Restate every line of the material that follows, word for word.

Task data
####

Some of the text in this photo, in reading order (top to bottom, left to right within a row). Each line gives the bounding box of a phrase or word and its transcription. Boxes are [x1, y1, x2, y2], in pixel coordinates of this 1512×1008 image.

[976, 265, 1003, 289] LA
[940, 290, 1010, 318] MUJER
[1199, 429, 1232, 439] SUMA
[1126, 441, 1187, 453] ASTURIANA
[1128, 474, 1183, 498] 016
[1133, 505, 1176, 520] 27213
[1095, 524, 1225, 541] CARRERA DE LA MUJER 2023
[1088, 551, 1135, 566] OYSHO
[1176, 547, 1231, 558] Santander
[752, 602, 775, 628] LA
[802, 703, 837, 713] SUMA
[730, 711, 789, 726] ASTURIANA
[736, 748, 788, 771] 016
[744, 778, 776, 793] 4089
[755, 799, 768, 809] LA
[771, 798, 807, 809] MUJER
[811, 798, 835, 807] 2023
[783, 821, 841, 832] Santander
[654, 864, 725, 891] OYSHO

####

Answer below
Some of the text in this photo, in reading order (top to bottom, left to right within a row). Each line gives the bounding box of a phrase or word and its transcription. Boxes are [x1, y1, x2, y2], in pixel coordinates of this 1512×1008 image.

[976, 265, 1003, 289] LA
[940, 290, 1010, 318] MUJER
[1199, 429, 1232, 439] SUMA
[1126, 441, 1187, 453] ASTURIANA
[1128, 474, 1183, 498] 016
[1133, 505, 1176, 520] 27213
[1095, 524, 1225, 541] CARRERA DE LA MUJER 2023
[1088, 551, 1135, 566] OYSHO
[1176, 547, 1231, 558] Santander
[752, 602, 775, 628] LA
[802, 703, 837, 713] SUMA
[730, 711, 789, 726] ASTURIANA
[736, 748, 788, 771] 016
[744, 778, 776, 793] 4089
[755, 799, 768, 809] LA
[771, 798, 807, 809] MUJER
[811, 798, 835, 807] 2023
[783, 821, 841, 832] Santander
[654, 864, 725, 891] OYSHO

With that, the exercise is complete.